Cork, Dublin and Shannon airports have all remained open during the pandemic, to allow for passenger repatriation and maintain cargo flights.

Passenger numbers have been at a trickle compared to normal, however - declining by 99pc at the peak of the coronavirus crisis.

While a full recovery could take years, airlines are planning to slowly ramp up schedules - with Ryanair, for example, aiming to operate 40pc of its summer schedule from July, and Emirates set to resume a twice-weekly service between Dublin and Dubai (the route was previously twice-daily).

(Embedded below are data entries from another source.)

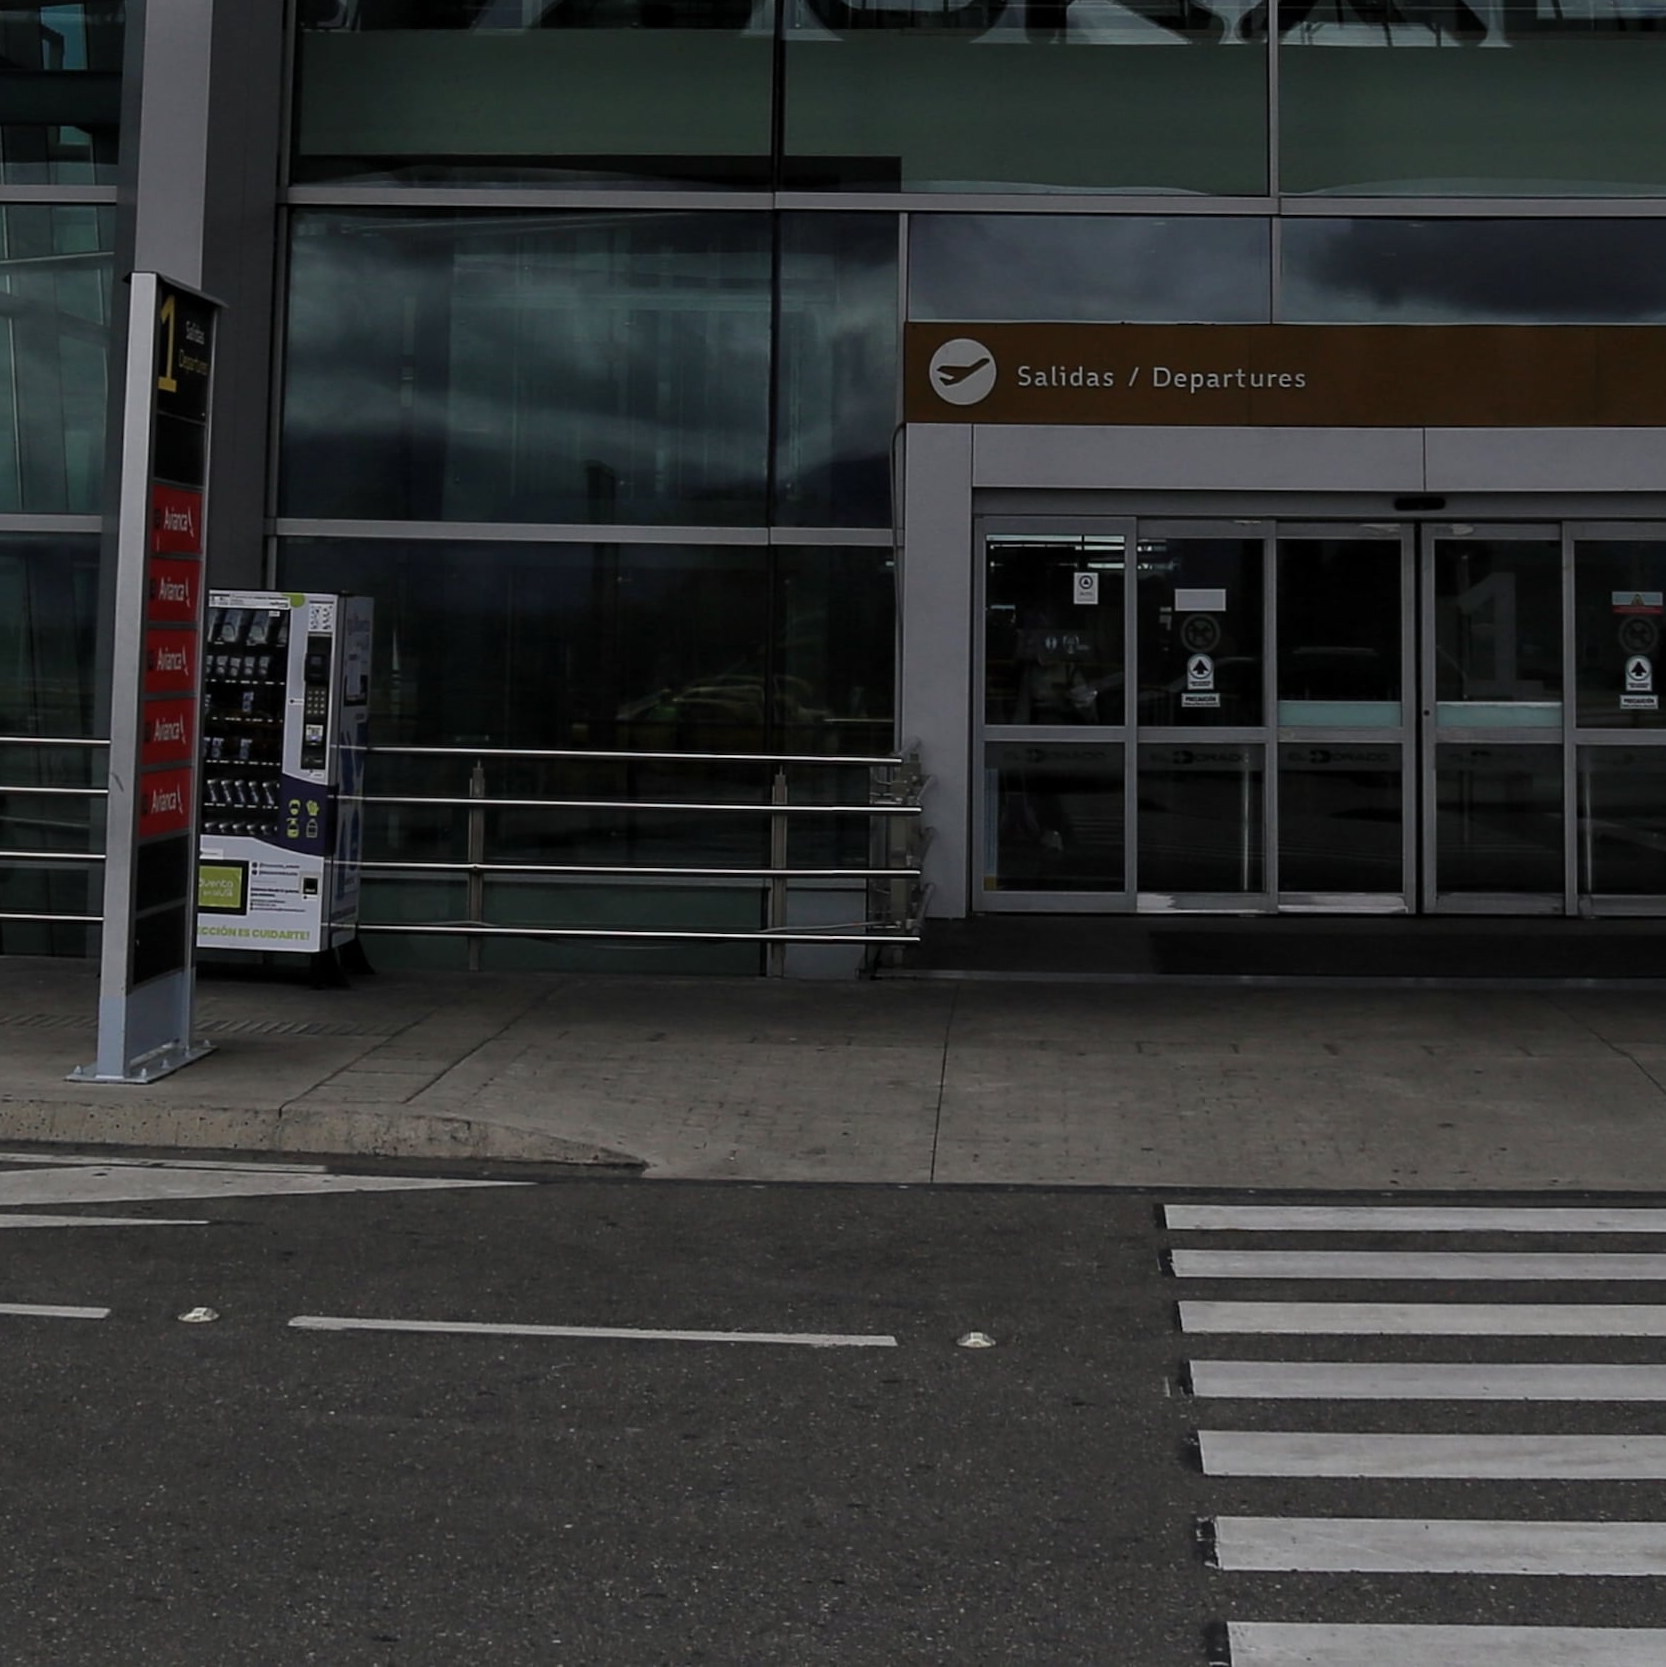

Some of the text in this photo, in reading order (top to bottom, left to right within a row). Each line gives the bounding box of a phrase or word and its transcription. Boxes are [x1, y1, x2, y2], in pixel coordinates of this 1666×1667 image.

[158, 293, 178, 393] 1
[1017, 365, 1114, 387] Salidas
[1128, 365, 1140, 388] /
[1152, 366, 1307, 394] Departures
[1172, 749, 1249, 764] DORAD
[252, 928, 310, 941] CUIDARTE!

However, the Department of Foreign Affairs continues to advise against "non-essential travel" overseas until further notice, and a 14-day self-isolation period awaits anyone arriving into the country.

It is unclear when this advice may change.

For those who do travel in the coming months, face coverings are "strongly recommended" at all times inside the airport or its shuttle buses, daa says.

They are not mandatory, however - and children under 13 or passengers with a valid medical reason for not wearing coverings are exempt.

"Passengers should bring their own face mask from home, but if they forget to do so, masks will be available for purchase at the airport," daa says.

“The safety of our passengers, our employees and all the other staff is always daa’s main priority and we will never compromise on that,” its Chief Executive, Dalton Philips, said.